A Paróquia São José terá que apresentar com urgência à Diretoria de Patrimônio da Fundação Municipal de Cultural (FMC) um cronograma de implantação de medidas de proteção a serem tomadas na igreja e seu entorno, conforme determinação do Conselho Deliberativo Municipal do Patrimônio Cultural. Nessa quarta-feira, o Diário Oficial do Município (DOM) publicou a Deliberação 048/2012, que traz, entre os aspectos mais polêmicos, a determinação de “retirada imediata das áreas de estacionamento existentes nas vias de acesso localizadas no jardim e juntos às fachadas do templo”, conforme o Estado de Minas publicou na semana passda. Além do fim das 140 vagas para veículos, que geram receita mensal de quase R$ 30 mil, terão que ser removidas a Livraria Vozes e a guarita de acesso ao estacionamento. De acordo com o DOM, são “edificações que impactam de maneira significativa o conjunto de edifícios tombados”.
O plano diretor da igreja foi aprovado pelo conselho, mas com ressalvas. A paróquia terá que restaurar um muro de arrimo; fazer um estudo para relocação de antena de telefone celular; fazer revisão e manutenção das espécies arbóreas existentes no jardim; remover passagens e coberturas inadequadas; demolir dependências que atualmente se encontram em situação irregular com a Prefeitura de Belo Horizonte; retirar o asfalto e retornar com o piso de paralelepípedo, com elaboração do projeto de acessibilidade; entre outras.
Prioridade
A diretora de Patrimônio da FMC, Michele Arroyo, disse que o cronograma é prioridade máxima, a paróquia terá que apresentar o mais rápido possível. “Há muitos puxadinhos feitos ao longo do tempo e inadequados ao conjunto arquitetônico, por isso terá que ser feita a requalificação do espaço”, afirmou. Michele lembrou que a paróquia poderá buscar recursos por meio de uma série de mecanismos, como o programa Adote um Bem Cultural, da prefeitura; leis de incentivo; fundos do patrimônio; e transferência de direito de construção.

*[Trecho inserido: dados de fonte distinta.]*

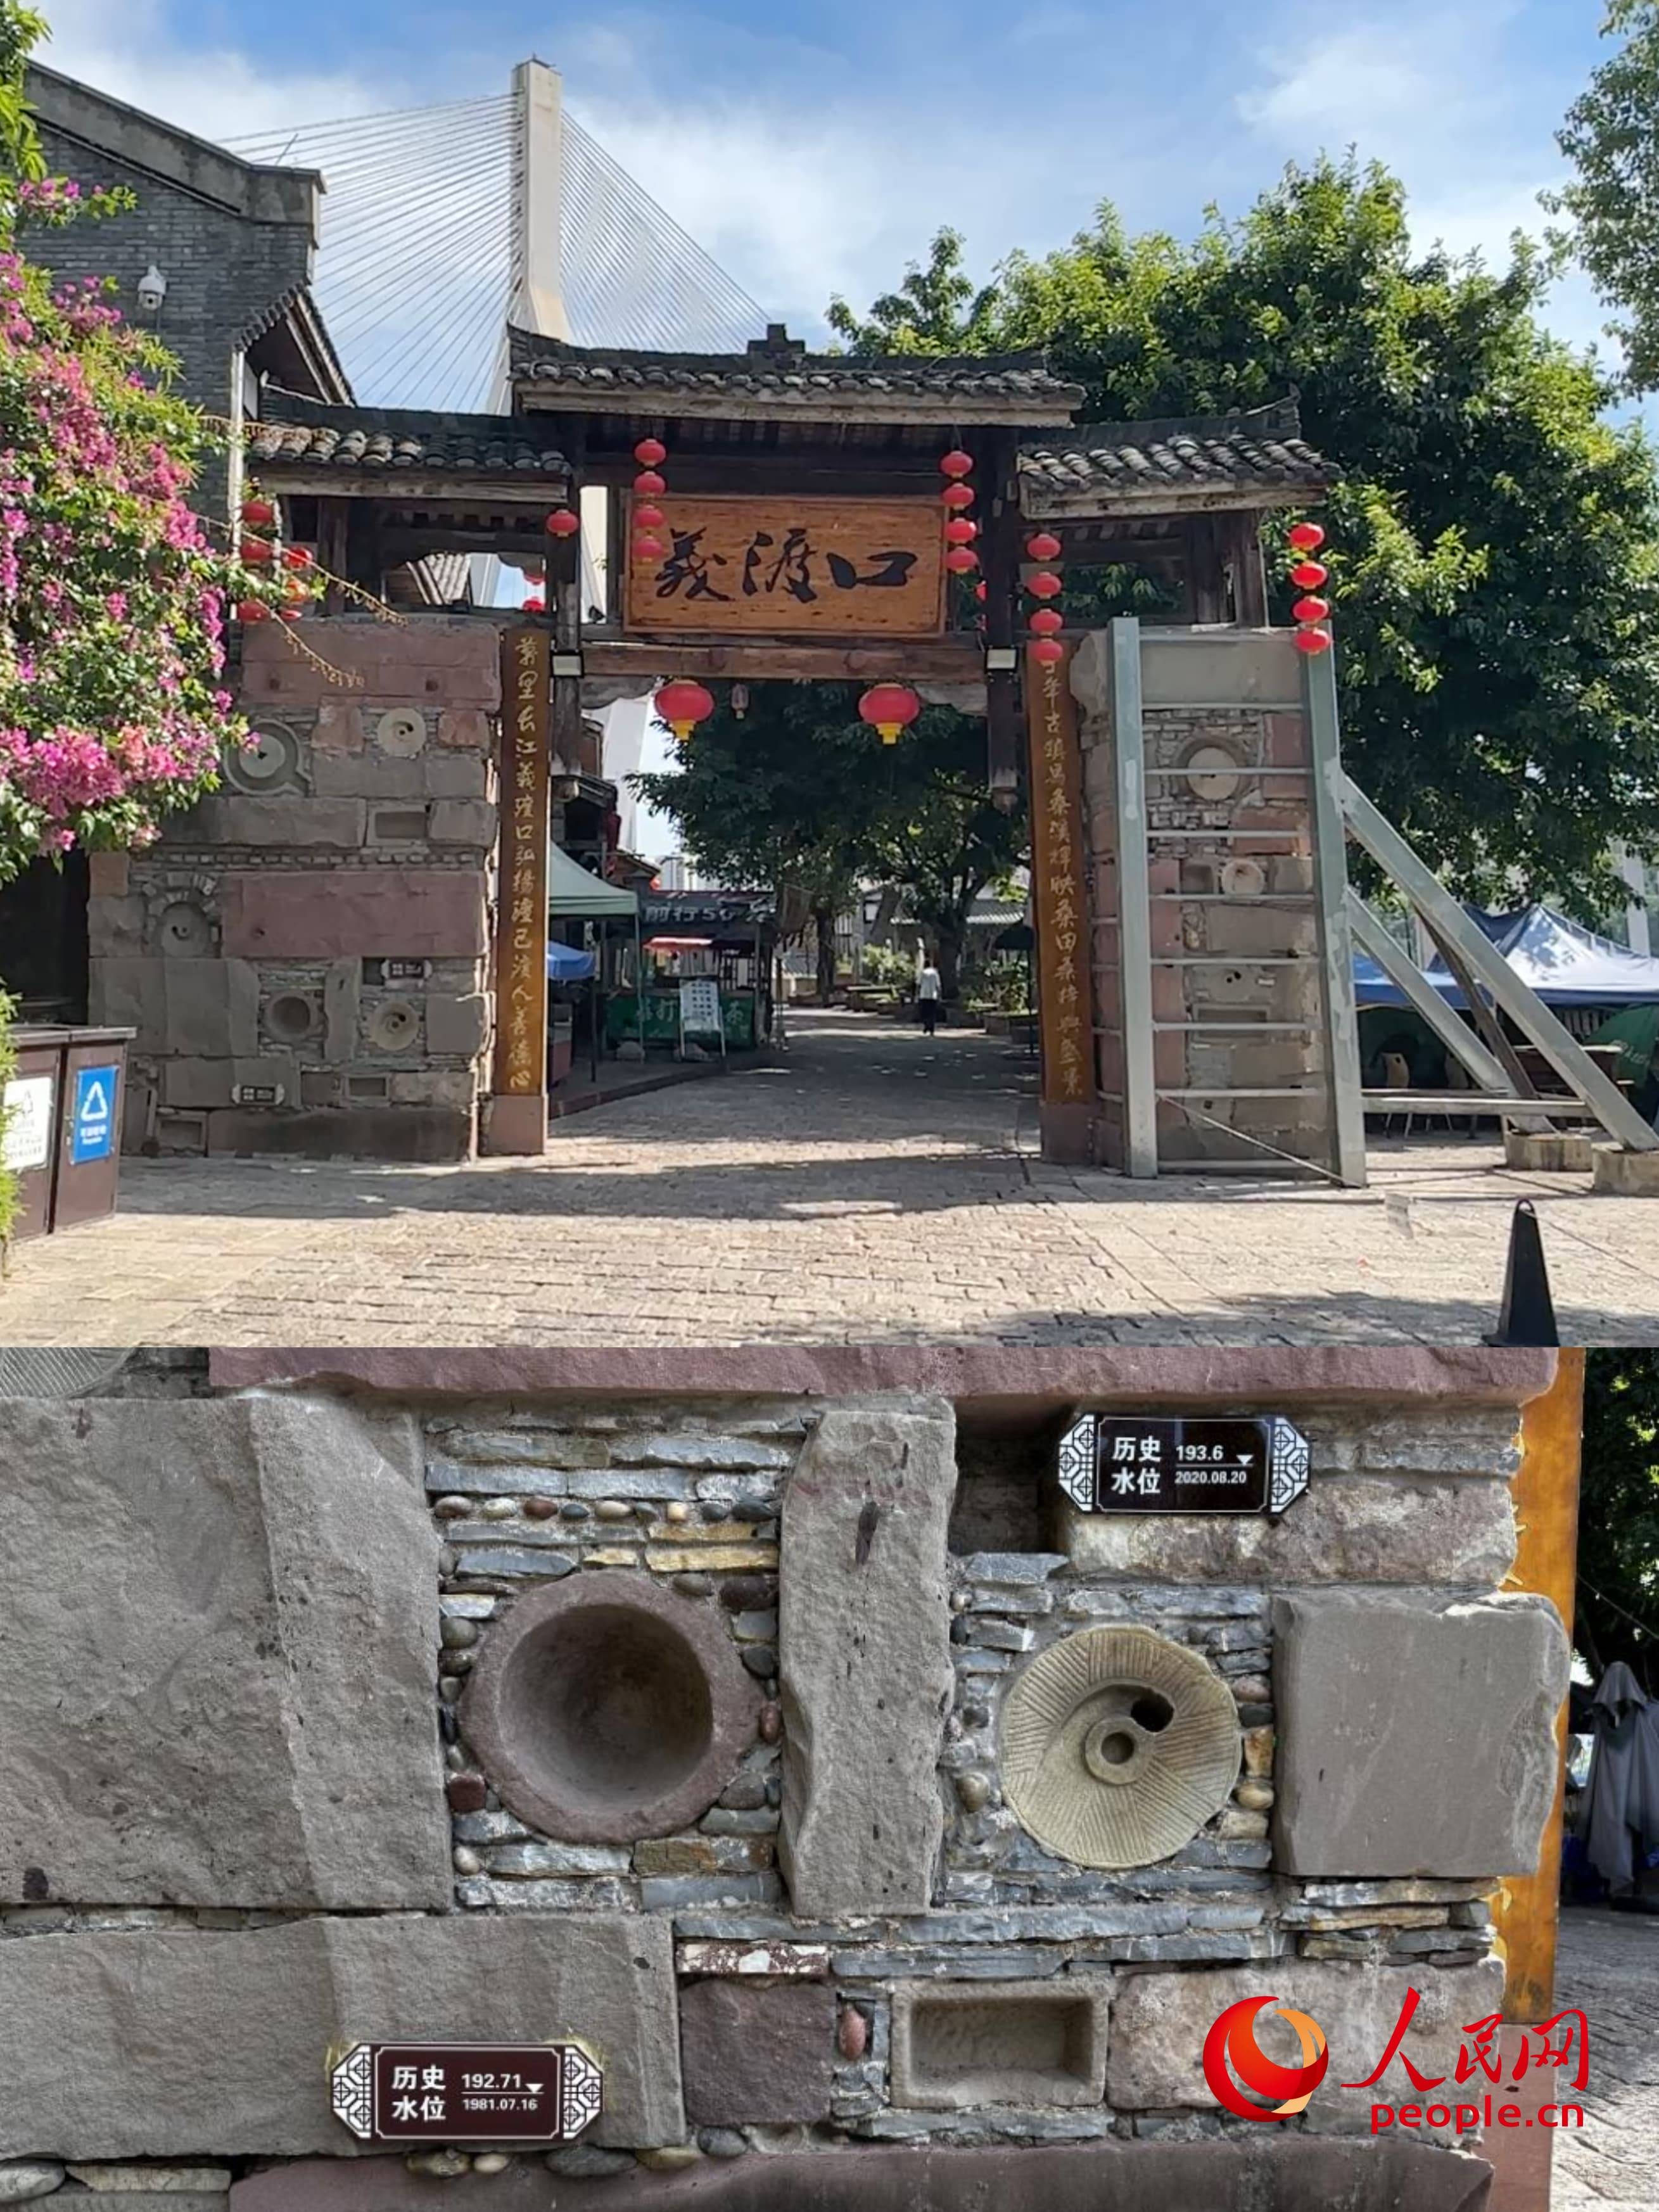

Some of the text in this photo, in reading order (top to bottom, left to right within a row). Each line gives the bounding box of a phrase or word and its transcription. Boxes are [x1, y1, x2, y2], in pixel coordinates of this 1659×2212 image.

Segundo o vigário paroquial Flávio Leonardo Santos Campos, a elaboração do cronograma será feita nos próximos dias com apoio da Diretoria de Patrimônio. “Contratamos um arquiteto para fazer o plano diretor e ele vai nos auxiliar também nesse trabalho”, disse o vigário, lembrando que buscou informações jurídicas para encaminhar este processo. Na segunda-feira, os religiosos da São José recorreram à Câmara Municipal para tentar evitar o fechamento imediato do estacionamento, cuja cobrança mensal pelas vagas custeia a obra social. Durante a reunião com o presidente do Legislativo, vereador Leo Burguês, o padre Flávio foi informado de que haverá, no dia 4, na Câmara, uma audiência pública para discutir a questão. O argumento do conselho é de que o espaço interfere no conjunto arquitetônico tombado em 1991, reduzindo a visibilidade do templo, além de descaracterizar o uso original da via e comprometer a circulação de pedestres.